## [EXERCISE]
Every record is to be printed exactly as written, and any picture in it is skipped.

[Free-text object descriptions]

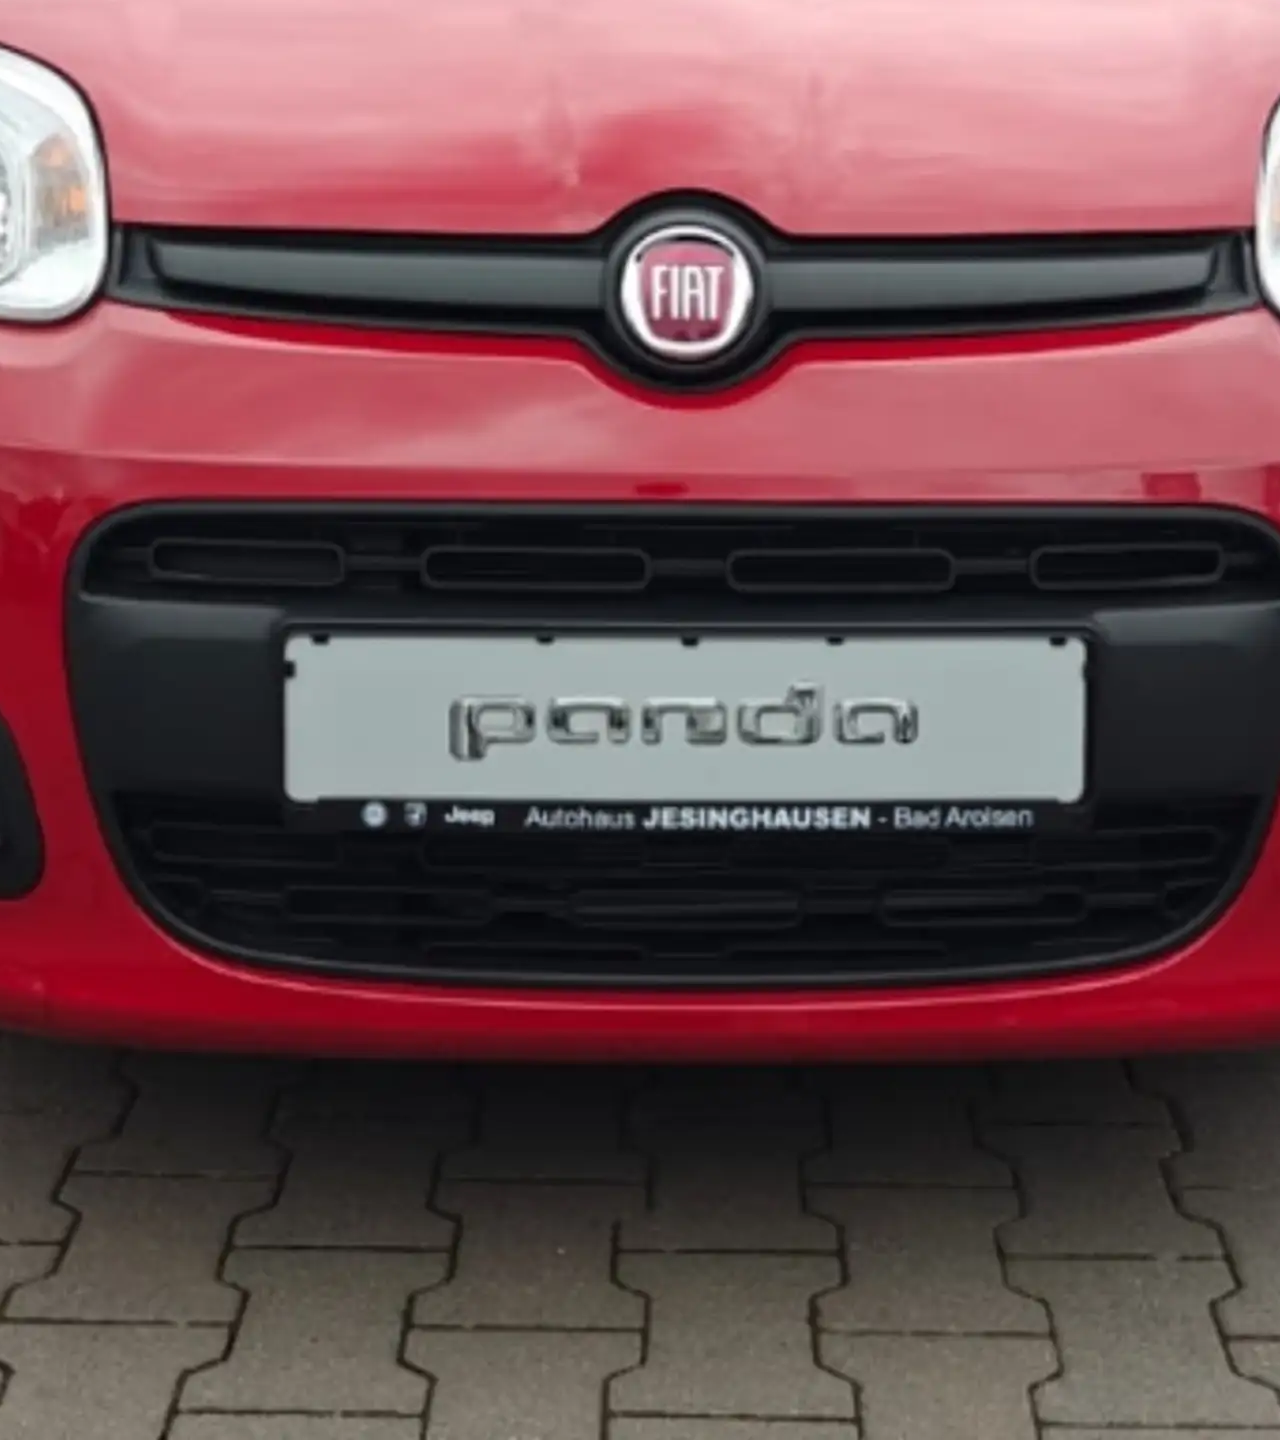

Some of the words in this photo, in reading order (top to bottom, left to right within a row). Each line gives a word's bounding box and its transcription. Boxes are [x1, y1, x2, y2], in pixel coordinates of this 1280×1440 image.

[650, 265, 725, 321] FIAT
[448, 678, 920, 762] panda
[444, 805, 496, 827] Jeep
[524, 806, 635, 830] Autohaus
[642, 806, 871, 830] JESINGHAUSEN
[893, 806, 940, 829] Bad

## [TASK RESPONSE]
Some of the words in this photo, in reading order (top to bottom, left to right within a row). Each line gives a word's bounding box and its transcription. Boxes are [x1, y1, x2, y2], in pixel coordinates of this 1280×1440 image.

[650, 265, 725, 321] FIAT
[448, 678, 920, 762] panda
[444, 805, 496, 827] Jeep
[524, 806, 635, 830] Autohaus
[642, 806, 871, 830] JESINGHAUSEN
[893, 806, 940, 829] Bad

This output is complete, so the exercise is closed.